The minimum exclusion principle. Scope every exclusion to the narrowest combination of match variable, selector, and path.
RequestArgNames Equals qis better thanRequestArgNames StartsWith any.Reproduce before excluding. If you can't reproduce the false positive in a test environment with the same request, you don't fully understand what WAF is reacting to. An exclusion based on guesswork may miss the actual trigger or exclude too broadly.
Codify exclusions in IaC immediately. A WAF exclusion applied only through the portal will be lost on the next Terraform/Bicep apply.
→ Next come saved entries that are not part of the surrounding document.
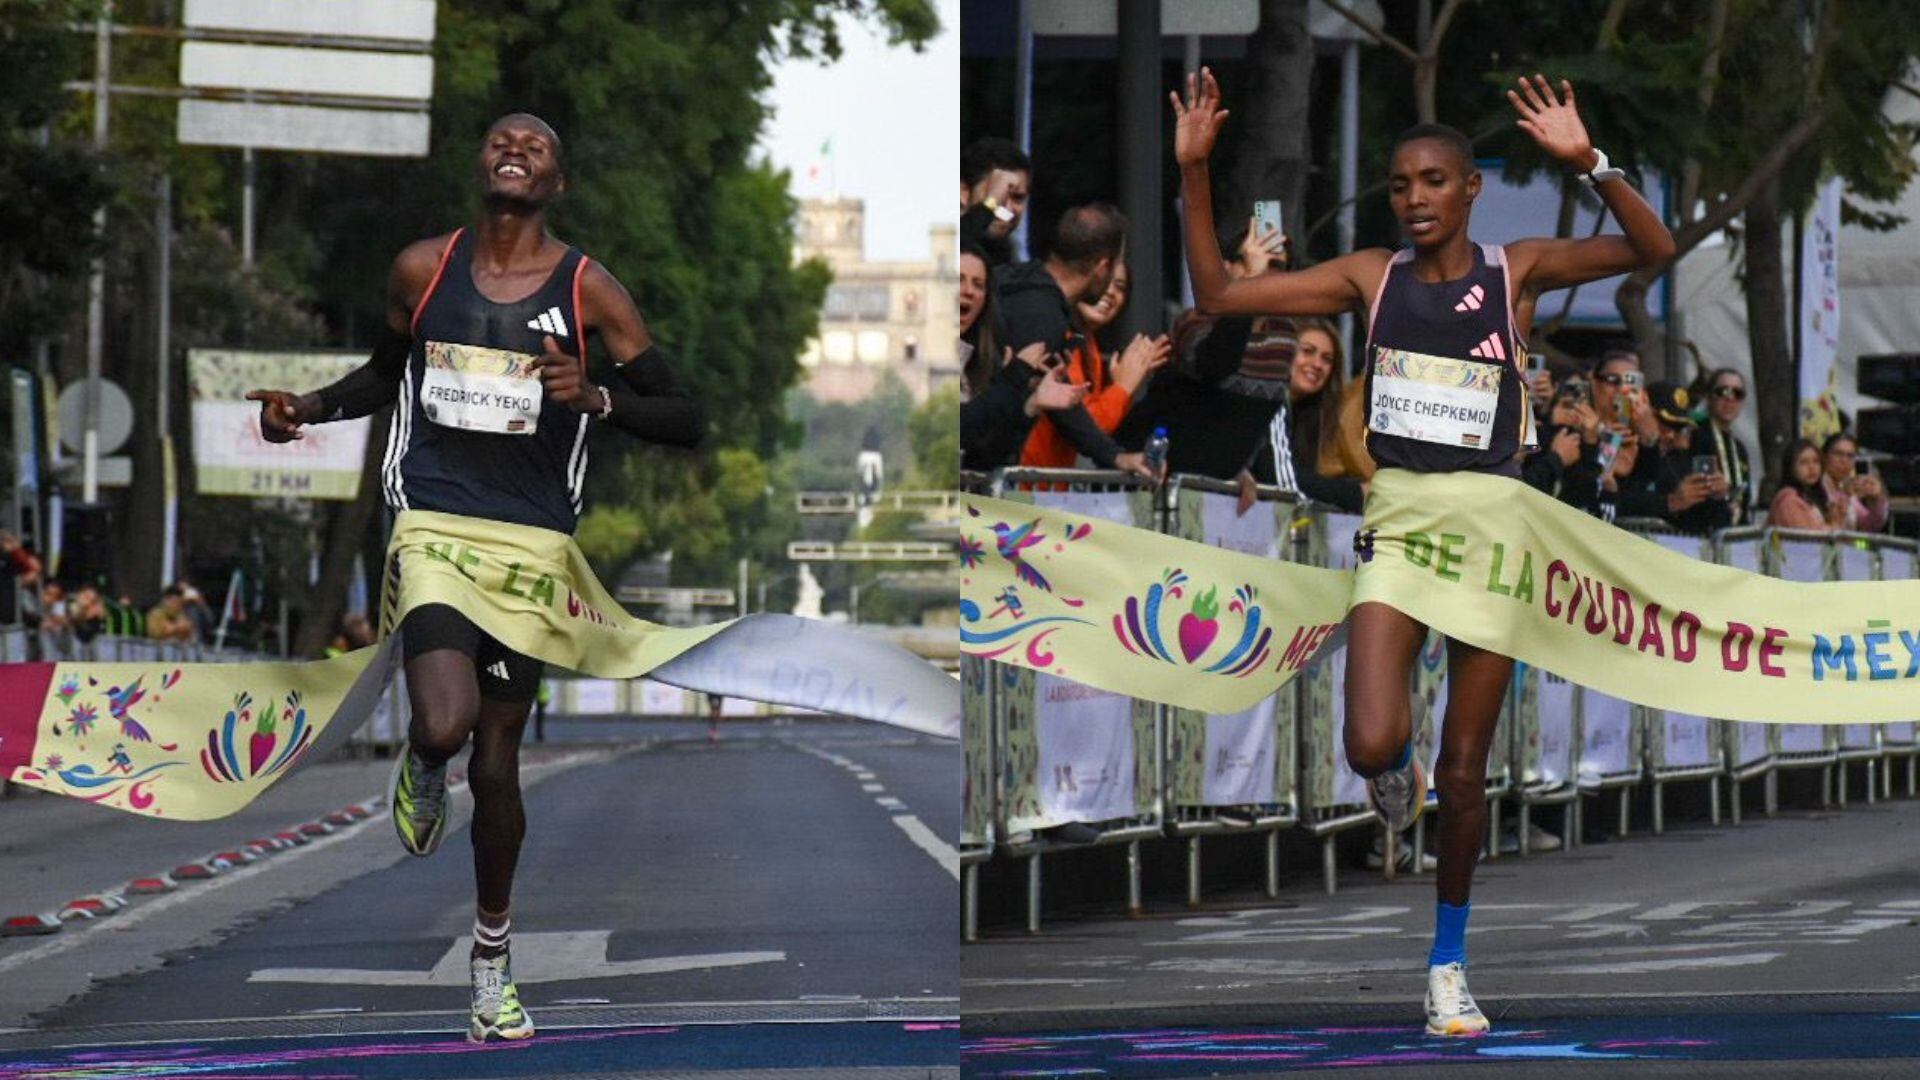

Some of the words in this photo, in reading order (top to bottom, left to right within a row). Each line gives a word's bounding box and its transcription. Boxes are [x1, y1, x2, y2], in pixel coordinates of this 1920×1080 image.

[428, 386, 490, 406] FREDRICK
[494, 394, 531, 411] YEKO
[1375, 394, 1411, 412] JOYCE
[1413, 400, 1491, 424] CHEPKEMOI
[252, 473, 272, 490] 21
[280, 474, 311, 490] KM
[502, 562, 556, 608] LA
[1403, 531, 1466, 583] DE
[1486, 542, 1534, 604] LA
[1545, 559, 1702, 664] CIUDAD
[1720, 620, 1790, 678] DE
[1275, 622, 1342, 673] ME
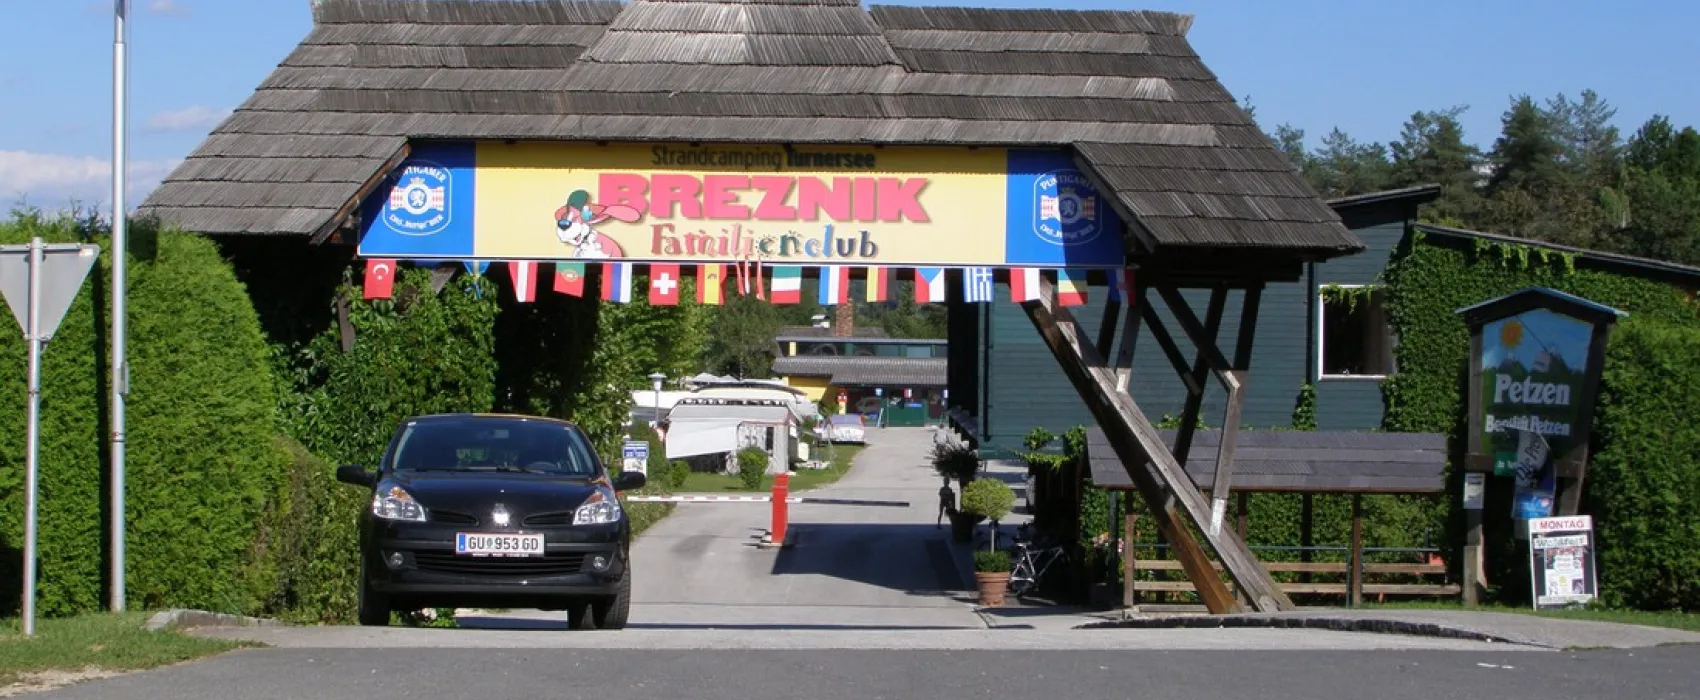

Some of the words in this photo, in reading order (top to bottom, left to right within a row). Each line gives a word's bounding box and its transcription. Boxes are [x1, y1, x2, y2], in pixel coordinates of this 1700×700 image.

The exclusion exists to allow legitimate traffic — losing it means users get blocked again unexpectedly.
Rule set upgrades need their own deployment window. Upgrading from CRS 3.1 to 3.2 or from DRS 2.0 to 2.1 is not a zero-risk change. Treat it as a deployment that needs Detection mode observation and a rollback plan.
Log retention matters. WAF logs are critical for post-incident diagnosis. Set Log Analytics retention to at least 30 days. If you're in a regulated industry, extend to 90+ days and consider exporting to storage for long-term archival.